Sul Pd incombe l'ombra di altri "casi Tocci"

Tocci conferma le dimissioni. Guerini riprende chi non ha detto "sì" alla fiducia: "In discussione i vincoli di relazione co la ditta". Ma Civati: "Non siamo un soviet"

Sul Pd incombe l'ombra di altri "casi Tocci"

All'indomani della battaglia sul Jobs Act, a Walter Tocci, Matteo Renzi tributa l’onore delle armi. E promette che si spenderà per evitare che quell’addio annunciato ieri a Palazzo Madama sia portato alle estreme conseguenze. Stefano Fassina, invece, lascia intendere che Tocci potrebbe non essere l'unico parlamentare piddì ad abbandonare le istituzioni per protestare contro la fiducia alla riforma del lavoro. E, se il premier sottolinea che il senatore dimissionario è stato, almeno, conseguente a convinzioni personali e disciplina di partito, Lorenzo Guerini avverte chi è rimasto a metà del guado: pur non essendosi messo fuori del partito, ha certamente messo in discussione il vincolo che lo lega alla "ditta". Lo strappo di ieri non è, dunque ricucito. Se ne occuperà la prossima direzione.

Anche oggi, al suo arrivo in segreteria, Renzi ci tiene a ribadire che, accanto alla soddisfazione del primo "sì" al Jobs Act,"rimane l’amarezza per le immagini" dei disordini di Palazzo Madama. "Continuare a fare le sceneggiate di ieri è un problema soprattutto per loro", dice agli intemperanti, ai lanciatori di fascicoli o dispensatori di monetine contro i ministri. "Ma noi andiamo avanti tranquilli", assicura il presidente del Consiglio che non fa nulla per nascondere il proprio fastidio nei confronti della minoranza piddì. Perché sa bene che il braccio di ferro non è stato vinto. Ha portato a casa una battaglia, questo sì. Ma la guerra interna al Nazareno non è stata affatto vinta. "Secondo me adesso la minoranza Pd è molto più debole", ammette Corradino Mineo, uno dei senatori democrat che ieri non hanno partecipato al voto di fiducia. "Io, il maxiemendamento, l’ho letto, e non prende neanche tutte le promesse fatte nella direzione del Pd - incalza Mineo - così il parlamento non conta più".

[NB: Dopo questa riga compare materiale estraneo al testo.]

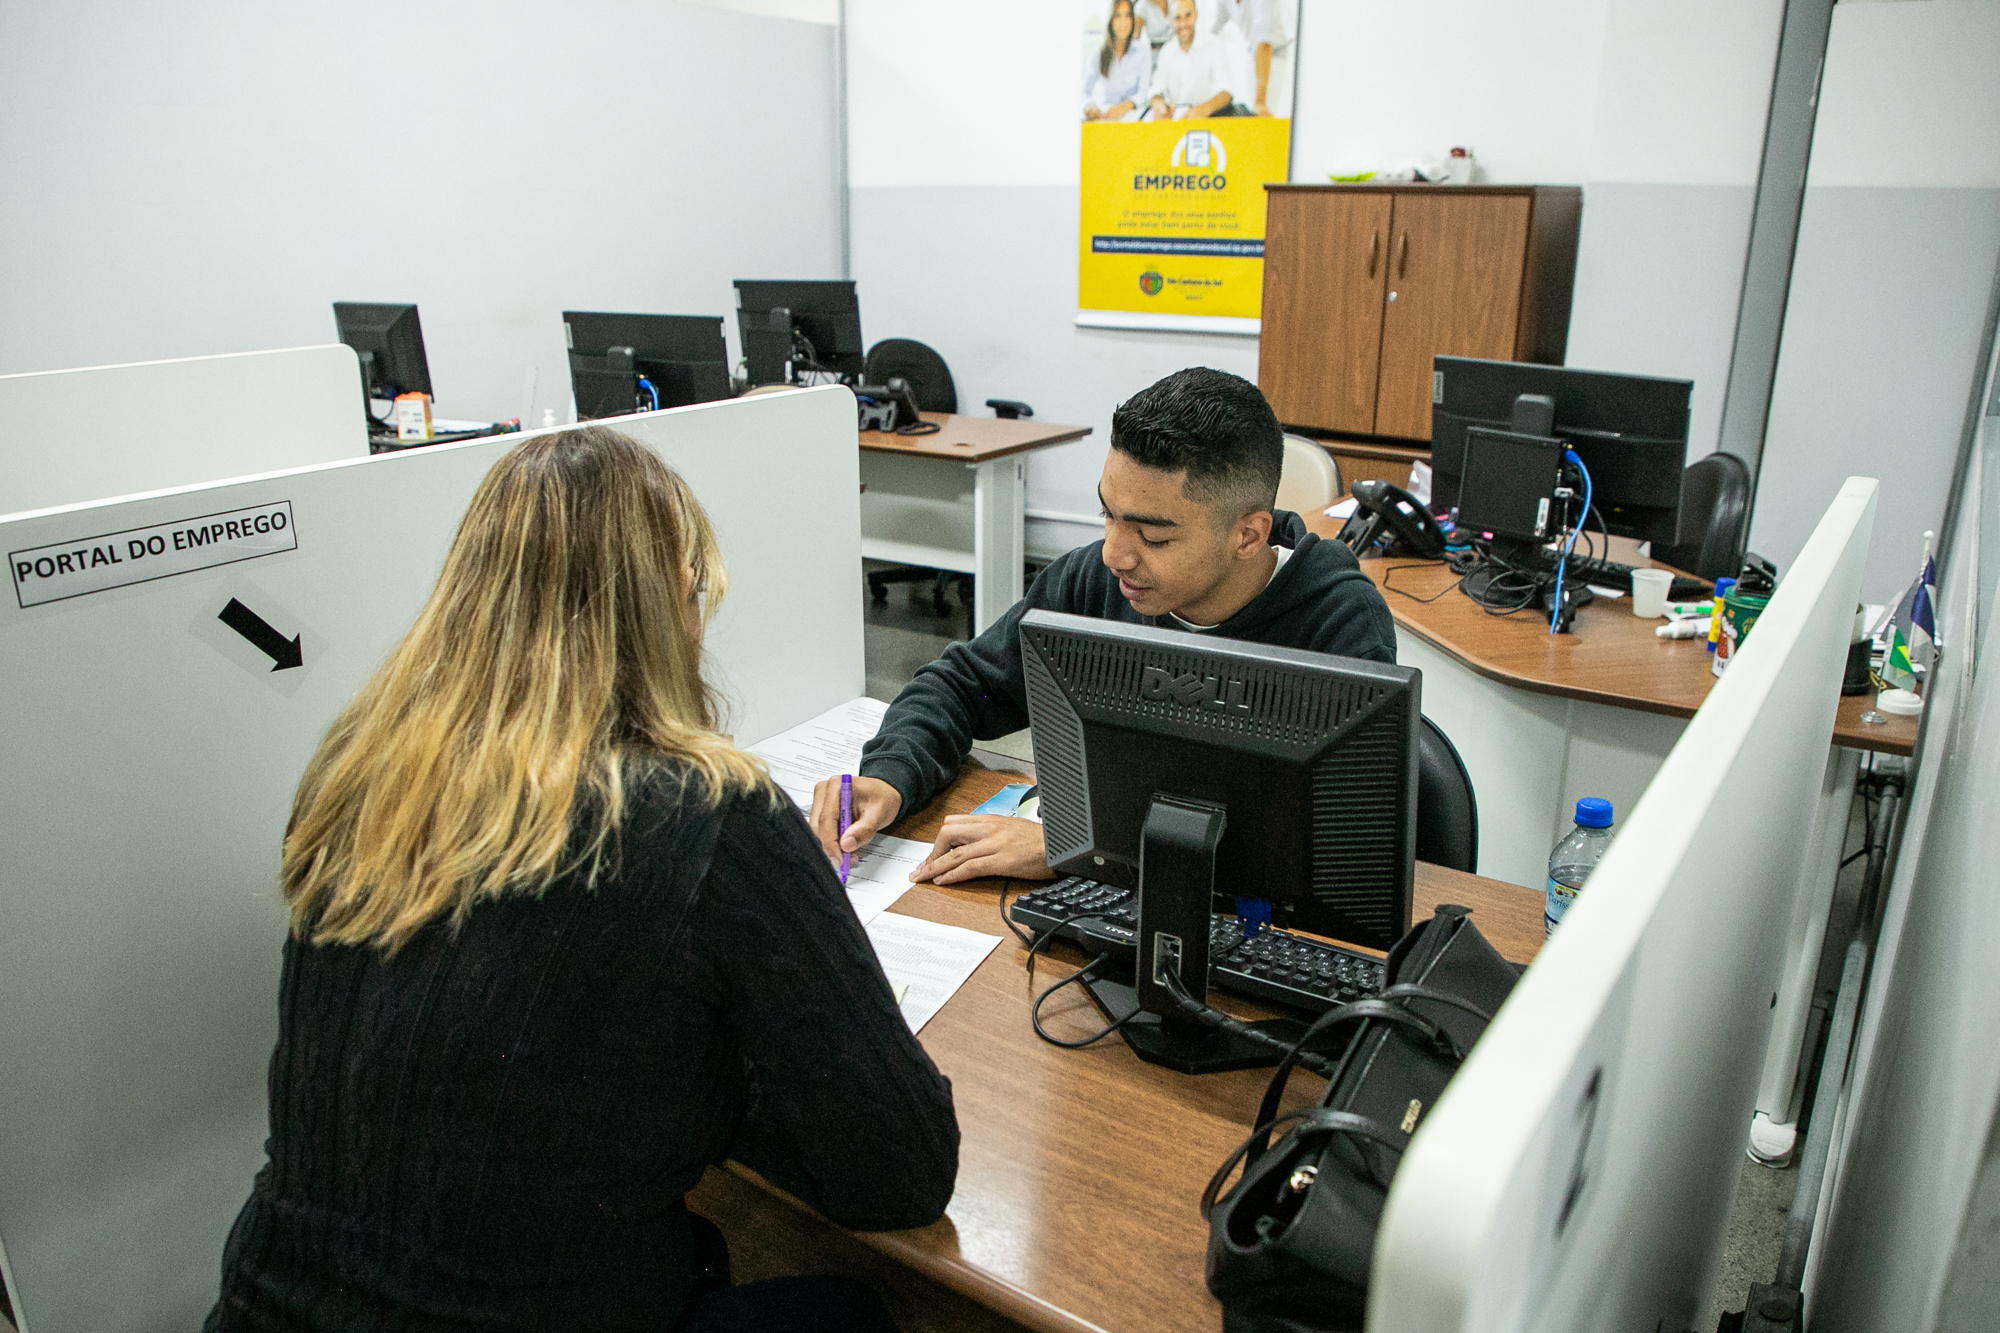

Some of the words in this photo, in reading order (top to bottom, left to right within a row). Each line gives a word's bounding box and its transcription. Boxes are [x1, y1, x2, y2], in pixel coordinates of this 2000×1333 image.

Adesso sul Nazareno incombe, tuttavia, l'ombra, di altri "casi Tocci". "Dipenderà molto dalla disponibilità del presidente del Consiglio - minaccia Stefano Fassina - ad ascoltare posizioni che non isolate e personali, ma condivise da pezzi significativi del nostro mondo e degli interessi economici e sociali che rappresentiamo e vogliamo continuare a rappresentare". Fassina segnala polemicamente di essere in sintonia con la dottrina sociale della Chiesa e l’Evangelii Gaudium di papa Francesco: "Non la trovo certo con le parole di Renzi che recupera il linguaggio dei conservatori...". Eppure sullo strappo di Tocci sembra apprezzare le parole di Renzi che, nelle ultime ore, si è detto disponibile a far convivere posizioni diverse all'interno del partito. "Se queste sono le intenzioni - spiega Fassina - abbiamo tutto il tempo per valutare".

Nonostante le rassicurazioni di Renzi, il Pd resta visibilmente frammentato. "Non partecipare al voto di fiducia mette in discussione i vincoli di relazione con il proprio partito politico", tuona Guerini puntandi il dito contro i senatori Felice Casson, Lucrezia Ricchiuti e Corradino Mineo. "Non sono fuori dal partito - precisa l'ultrà renziano - poi ne discuteremo anche in direzione". La defezione dovrà, tuttavia, essere affrontata dal gruppo piddino a Palazzo Madama.

"Non si può avere un partito all'americana, con eletti con le primarie - commenta il ribelle Pippo Civati - e poi immaginare che ci sia una disciplina di stampo sovietico". Insomma, la secessione non è ancora stata scongiurata.